Les scènes s'écrivent d'elles-mêmes comme si mes personnages s'émancipaient de ma tutelle. Je les regarde vivre dans mon roman comme des poissons dans un aquarium. C'est agréable et, en même temps, cela me fait peur. J'ai l'impression de jouer avec un explosif dont je ne possède pas le mode d'emploi.
Quand j'écris, j'oublie qui je suis, j'oublie que j'écris, j'oublie tout. Je suis avec mes personnages, je vis avec eux dans l'histoire. C'est comme un rêve éveillé. Un rêve éveillé erotique car mon corps tout entier exprime sa joie. Sensation d'extase. Transe. L'instant magique ne dure guère. Juste quelques minutes, quelques secondes parfois.

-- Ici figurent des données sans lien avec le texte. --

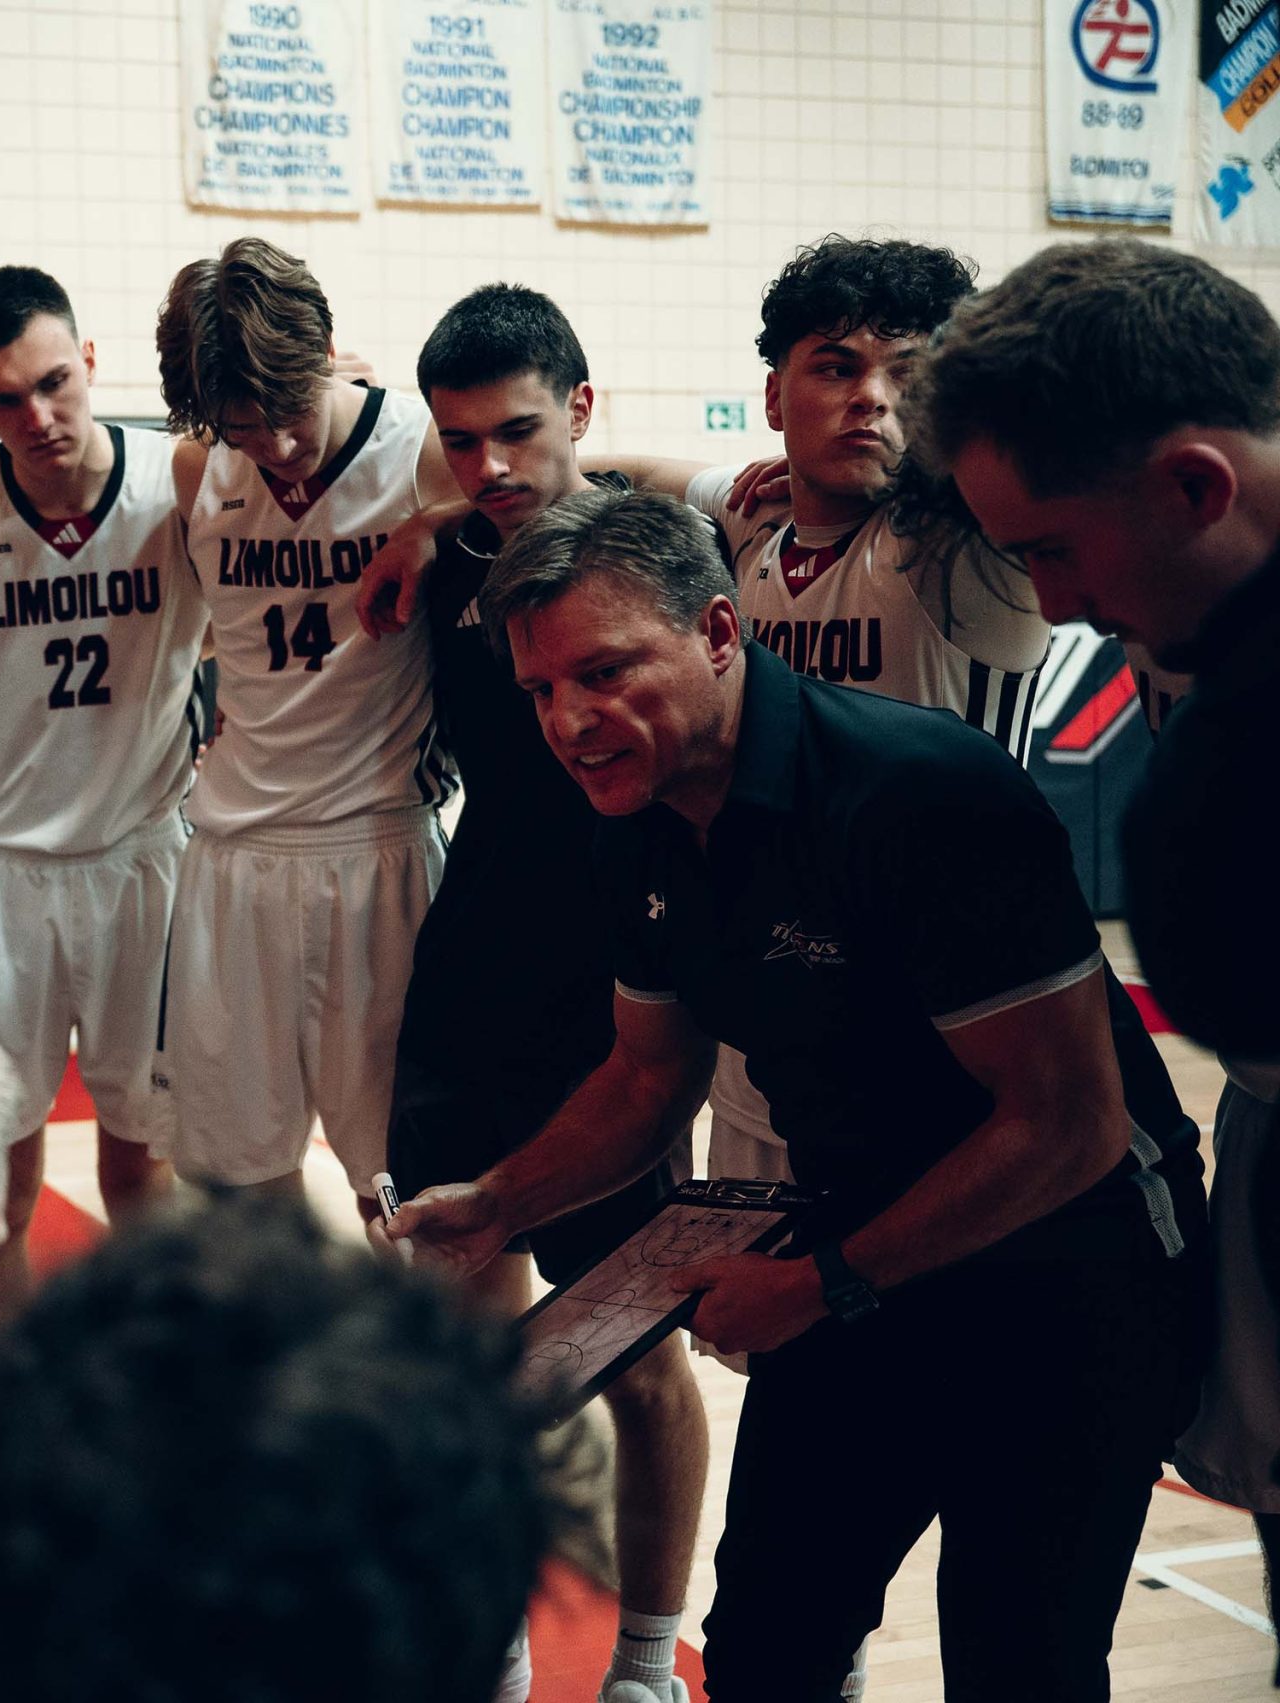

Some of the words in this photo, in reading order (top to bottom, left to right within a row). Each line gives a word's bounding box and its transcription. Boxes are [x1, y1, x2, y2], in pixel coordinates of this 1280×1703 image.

[601, 22, 661, 49] 1992
[1216, 0, 1270, 45] BADM
[208, 73, 336, 107] CHAMPIONS
[402, 82, 512, 110] CHAMPION
[194, 106, 349, 138] CHAMPIONNES
[402, 112, 512, 140] CHAMPION
[574, 118, 695, 146] CHAMPION
[263, 602, 337, 672] 14
[44, 634, 111, 709] 22
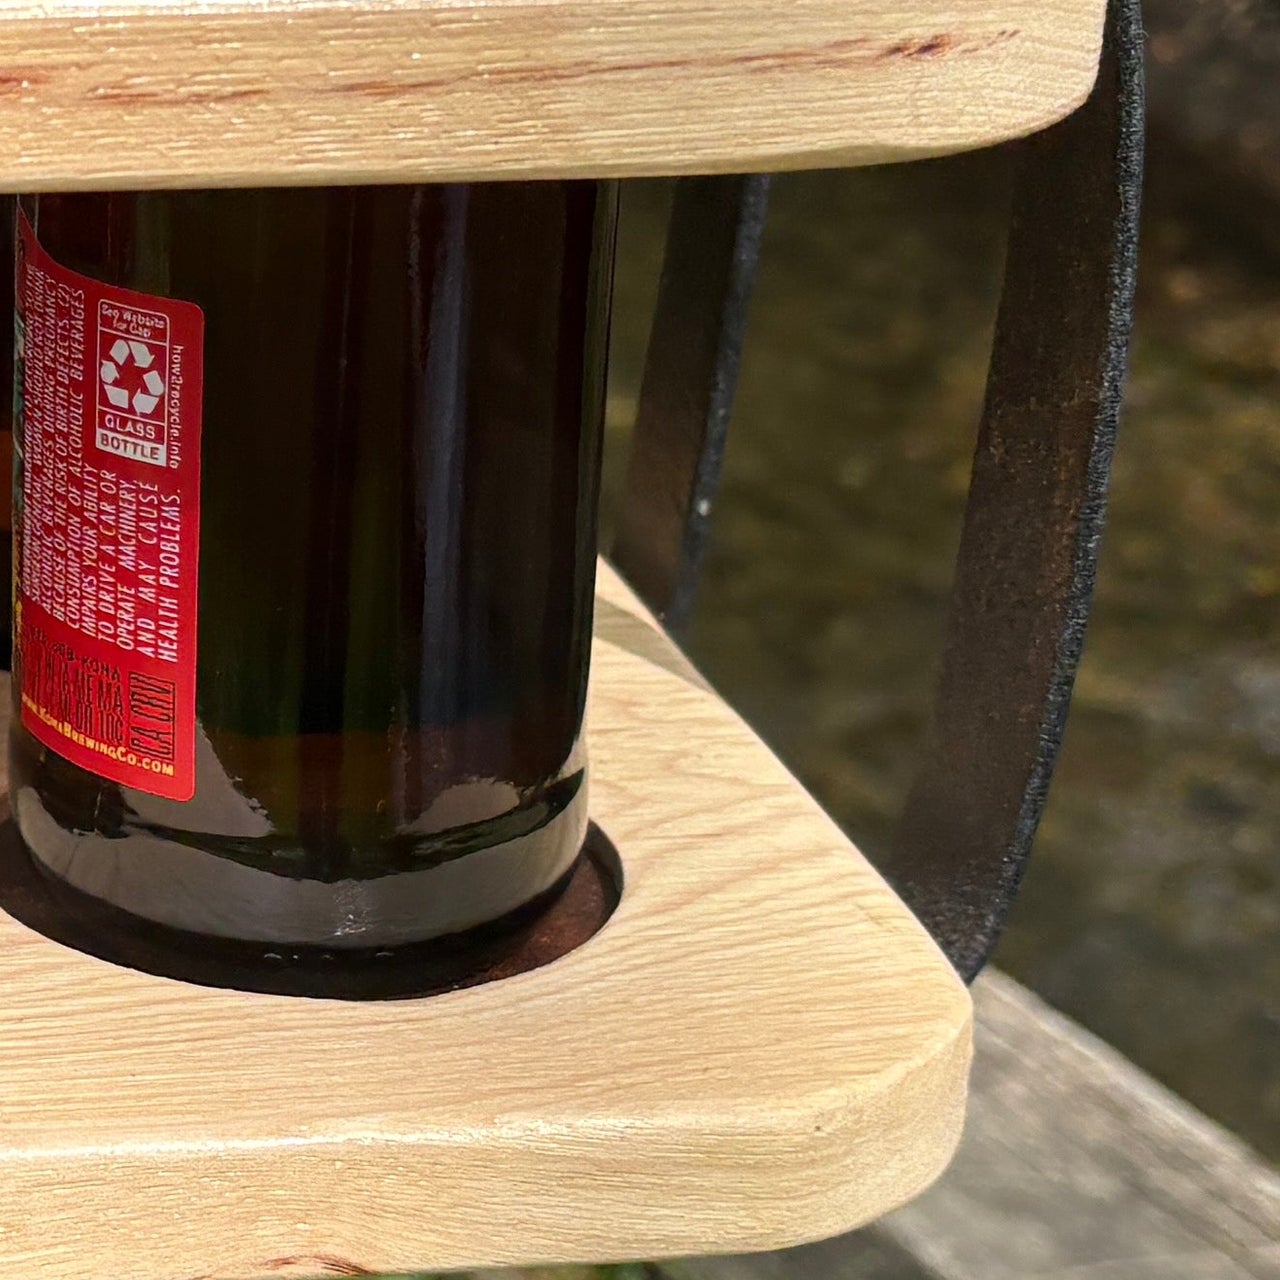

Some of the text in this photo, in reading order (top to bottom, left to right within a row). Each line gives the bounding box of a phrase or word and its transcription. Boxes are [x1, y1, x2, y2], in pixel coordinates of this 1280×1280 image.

[44, 275, 57, 367] PREGNANCY
[43, 368, 55, 435] DURING
[56, 387, 69, 432] BIRTH
[105, 415, 156, 439] GLASS
[55, 461, 67, 495] RISK
[56, 435, 68, 456] OF
[66, 289, 85, 629] CONSUMPTION OF ALCOHOLIC BEVERAGES
[100, 432, 159, 460] BOTTLE
[42, 440, 54, 526] BEVERAGES
[55, 498, 67, 527] THE
[54, 532, 66, 551] OF
[80, 463, 99, 637] IMPAIRS YOUR ABILITY
[98, 469, 117, 643] TO DRIVE A CAR OR
[116, 479, 138, 651] OPERATE MACHINERY,
[136, 481, 158, 657] AND MAY CAUSE
[157, 488, 181, 662] HEALTH PROBLEMS.
[52, 555, 65, 621] BECAUSE

Cependant, je ne suis pas à même de décider quand se produiront ces moments d'extase. Ils surviennent, c'est tout. Ils me sont offerts lorsque je tiens la bonne scène, la bonne musique, les bonnes idées. Lorsqu'ils cessent, je me retrouve en sueur, hébété. Ensuite, j'ai comme un coup de blues. Une nostalgie, un regret que le moment merveilleux n'ait pas duré plus longtemps. Je baisse alors le son de ma musique et je me saoule e télévision pour oublier la douleur de ne pas vivre en permanence sur de tels sommets.

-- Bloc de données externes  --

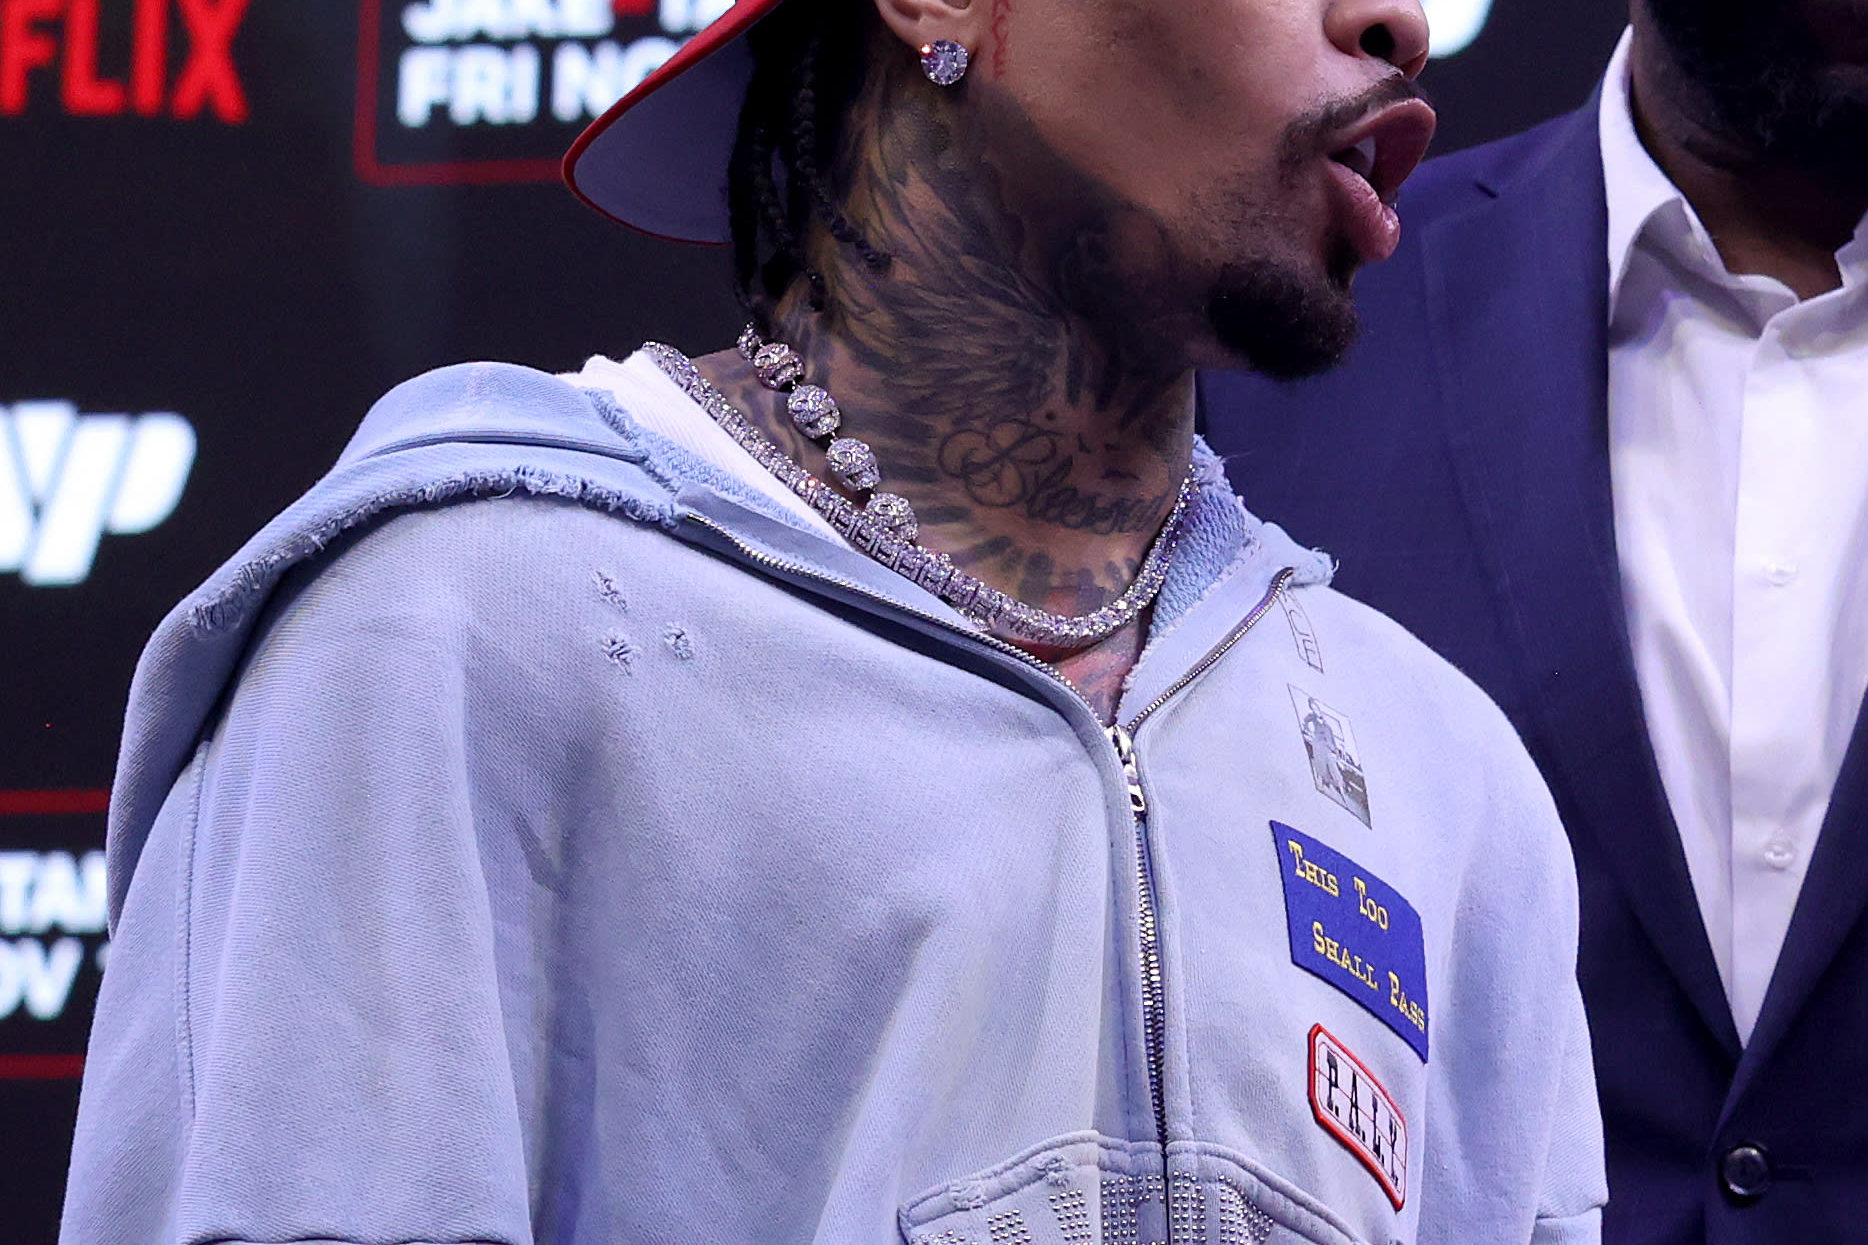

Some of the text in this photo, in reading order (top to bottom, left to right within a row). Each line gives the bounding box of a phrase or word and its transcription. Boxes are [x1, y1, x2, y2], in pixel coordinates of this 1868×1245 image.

[397, 43, 541, 128] FRI
[1288, 840, 1390, 931] THIS TOO
[1312, 921, 1426, 1033] SHALL PASS

Je bondis et je lance une grenade en plein milieu de l'escouade de Tchétchènes qui vient de surgir devant moi. Je m'éloigne en courant. Je ne réfléchis pas aux balles qui, par intermittence, passent entre mes mollets. Je me précipite vers le puits au centre du village et m'accroche au seau qui y est suspendu.
Les Loups se sont fait décimer. Je ne vois même pas Stanislas. J'abaisse le son de mon baladeur. La Nuit sur le mont Chauve décline. J'entends les sifflements de ma respiration et, derrière, le crépitement du feu, des cris, des ordres, des blessés appelant à l'aide.

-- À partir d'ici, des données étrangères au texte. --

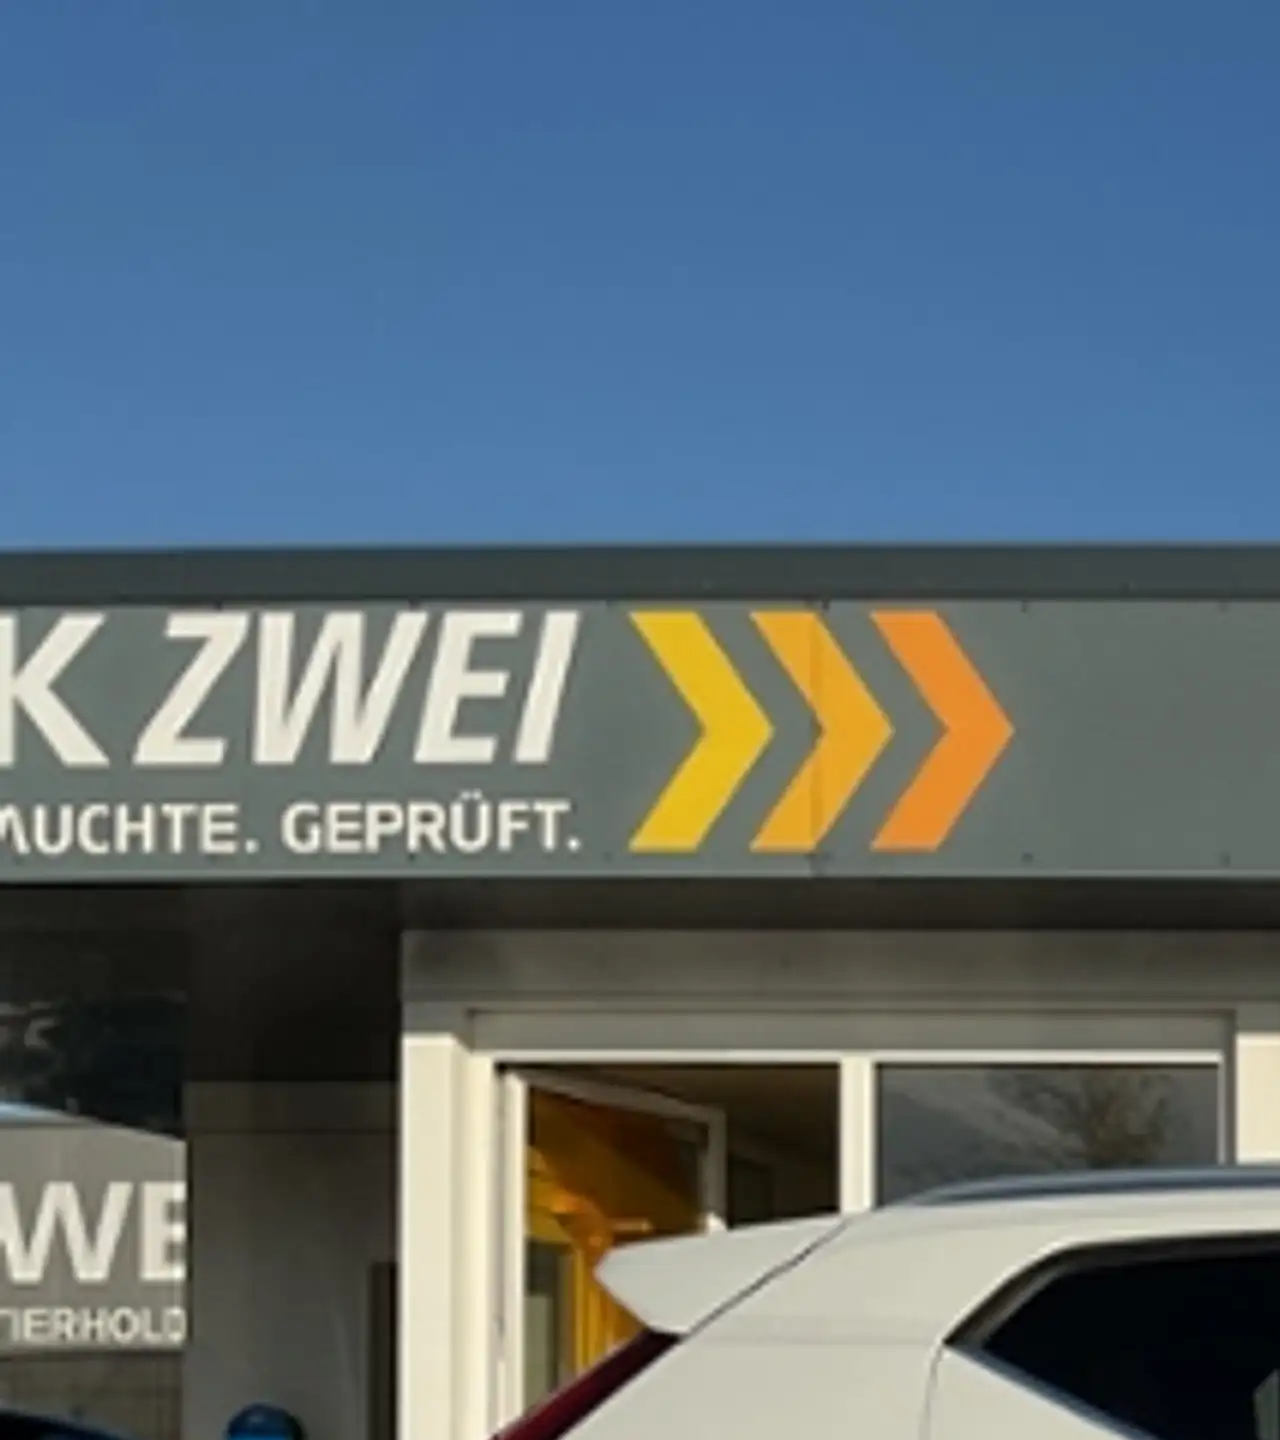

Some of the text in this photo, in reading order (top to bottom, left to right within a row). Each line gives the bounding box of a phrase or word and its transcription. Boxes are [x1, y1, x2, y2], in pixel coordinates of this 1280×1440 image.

[0, 611, 580, 768] K ZWEI
[281, 790, 581, 854] GEPRÜFT.

Les jurés m'examinent en silence. Et moi de la scène j'examine les jurés. Au centre, le champion de boxe poids lourds fixe ma poitrine. A côté de lui: quelques vieux acteurs oubliés, des animateurs de télévision, un réalisateur de films érotiques, quelques photographes spécialisés dans les nus artistiques, un footballeur qui n'a pas marqué de buts depuis longtemps.
C'est ça, les jurés? Ce sont eux qui vont décider de mon sort? Je suis soudain prise d'un doute. Mais plusieurs caméras de télévision sont là pour retrans-237 mettre le spectacle à travers tout le pays. Des millions de gens sont en train de me regarder. Je leur souris et pousse la hardiesse jusqu'à leur adresser un clin d'œil. Ce n'est pas interdit par le règlement, que je sache.
J'ai peur. J'ai tellement peur. Heureusement que je me suis bourrée de tranquillisants.
JE NE SAIS PAS CE QUI EST BON ET CE QUI EST MAUVAIS (PETIT CONTE ZEN): Un fermier reçoit en cadeau pour son fils un cheval blanc. Son voisin vient vers lui et lui dit: «Vous avez beaucoup de chance. Ce n'est pas à moi que quelqu'un offrirait un aussi beau cheval blanc!» Le fermier répond: «Je ne sais pas si c'est une bonne ou une mauvaise chose…»
Plus tard, le fils du fermier monte le cheval et celui-ci rue et éjecte son cavalier. Le fils du fermier se brise la jambe.
«Oh! quelle horreur! dit le voisin. Vous aviez raison de dire que cela pouvait être une mauvaise chose. Assurément celui qui vous a offert le cheval l'a fait exprès, pour vous nuire. Maintenant votre fils est estropié à vie!»
Le fermier ne semble pas gêné outre mesure. «Je ne sais pas si c'est une bonne ou une mauvaise chose», lance-t-il.
Là-dessus la guerre éclate et tous les jeunes sont mobilisés, sauf le fils du fermier avec sa jambe brisée. Le voisin revient alors et dit: «Votre fils sera le seul du village à ne pas partir à la guerre, assurément il a beaucoup de chance.» Le fermier alors répond: «Je ne sais pas si c'est une bonne ou une mauvaise chose.»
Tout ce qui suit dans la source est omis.